ERIO CASTELLUCCI, Lettera alla città di Modena, 31 gennaio 2024
Ognuno sta solo sul cuor della terra,
trafitto da un raggio di sole;
ed è subito sera.
La lirica Ed è subito sera, di Salvatore Quasimodo (1901- 1968), è un esempio di poesia ermetica: sono poche parole, penetranti come un graffito inciso su pietra, che concentrano l’esperienza profonda e drammatica dell’autore. Pubblicata nel 1942, in piena Seconda guerra mondiale, era già comparsa dodici anni prima come terzina finale di un componimento più ampio, dal significativo titolo Solitudini. Colpisce il ventaglio di evocazioni suscitate dal poeta siciliano in tre sole righe; evocazioni contrastanti, già a partire dalla prima parola: “ognuno”.
«Ognuno sta solo sul cuor della terra»
Il pronome indefinito “ognuno” richiama sia il singolo che la comunità: indica ciascun essere umano preso a sé e nello stesso tempo si riferisce all’insieme degli esseri umani. La solitudine, paradossalmente, ci isola e ci unisce: tutti la avvertiamo, ciascuno a modo suo; ma proprio perché nessuno ne è immune, la condividiamo con gli altri. Una certa dose di solitudine è connaturale all’essere umano, è una condizione esistenziale, che in misura e modi differenti tocca tutti. La solitudine si declina all’io e al noi, è muro e ponte insieme.
La tradizione culturale europea, del resto, riunisce le antiche antropologie biblica e greca, coniugando l’io con il noi, il muretto di protezione con il ponte di collegamento. La Bibbia, nelle sue prime paradigmatiche pagine, già almeno sei secoli prima di Cristo attribuisce alla creatura umana una dignità tale da essere “immagine di Dio”: non semplicemente in quanto individuo singolo e isolato, ma in quanto essere in relazione: «Dio creò l’uomo a sua immagine; a immagine di Dio lo creò; maschio e femmina li creò» (Genesi 1,27). E Aristotele, un paio di secoli dopo, definisce l’uomo sia “animale logico” sia “animale politico” (Politica, 1253a 9-10): per lui l’essere umano è individuo razionale e relazionale insieme.

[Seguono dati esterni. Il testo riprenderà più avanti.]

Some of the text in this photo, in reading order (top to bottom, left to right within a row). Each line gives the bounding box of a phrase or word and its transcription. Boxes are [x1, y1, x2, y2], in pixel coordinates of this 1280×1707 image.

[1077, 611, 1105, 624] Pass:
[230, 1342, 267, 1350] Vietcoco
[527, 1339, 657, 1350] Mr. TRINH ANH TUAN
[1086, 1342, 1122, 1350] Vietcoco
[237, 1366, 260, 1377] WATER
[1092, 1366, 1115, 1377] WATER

«Nessun uomo è un’isola» scriveva, esattamente quattro secoli fa, il poeta John Donne (1572-1631). Eppure spesso ci sentiamo soli. Avvertiamo la fatica di comunicare: molte sensazioni, esperienze, emozioni e riflessioni non riusciamo a trasmetterle o non vogliamo farlo. Alcuni muretti, certo, sono necessari attorno all’io: per custodire l’intimità personale, impedire di violarla a chi non ne ha diritto e coltivare le proprie attitudini. Esiste così una solitudine “buona” e cercata, presidio della dignità individuale, della profondità spirituale di ognuno, della peculiare storia di ciascuno.

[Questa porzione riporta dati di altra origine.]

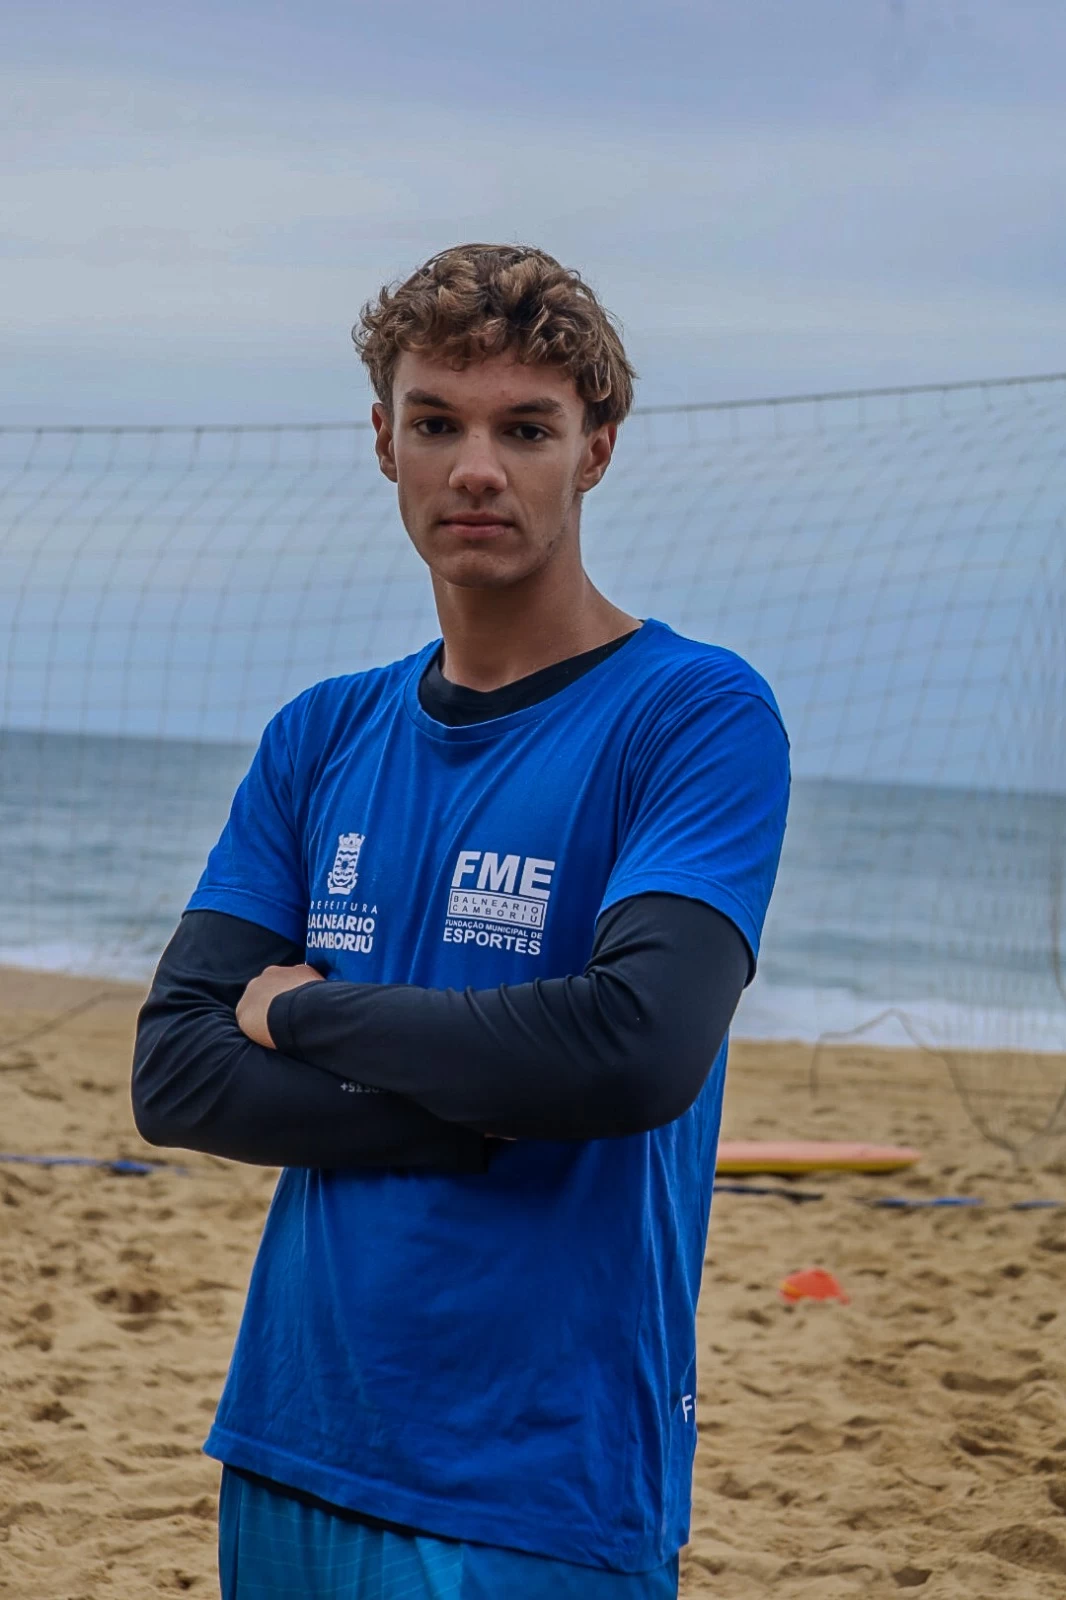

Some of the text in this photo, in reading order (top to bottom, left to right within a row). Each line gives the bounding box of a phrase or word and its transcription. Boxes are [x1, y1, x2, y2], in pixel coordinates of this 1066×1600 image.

Aveva però ragione John Donne: sebbene una dimensione del mio essere appaia come un’isola, per non annegare nell’alta marea dell’egoismo occorre che l’io getti dei ponti verso gli altri esseri umani. L’isolamento richiama il mito di Narciso, il giovane bellissimo che, insensibile all’amore per gli altri, fu condannato per sempre dagli déi ad innamorarsi perdutamente della propria immagine riflessa in una pozza d’acqua, contemplandola fino a morirne angosciato. Sarà dunque possibile per “ognuno” proteggere la propria individualità senza cadere nel narcisismo? Si potrà superare l’isolamento, mantenendo la solitudine “buona” e cercata e vincendo quella “cattiva” e subita, la quale ci porta a tagliare i contatti, a ripiegarci su noi stessi e rimanere chiusi entro la cornice del nostro piccolo specchio?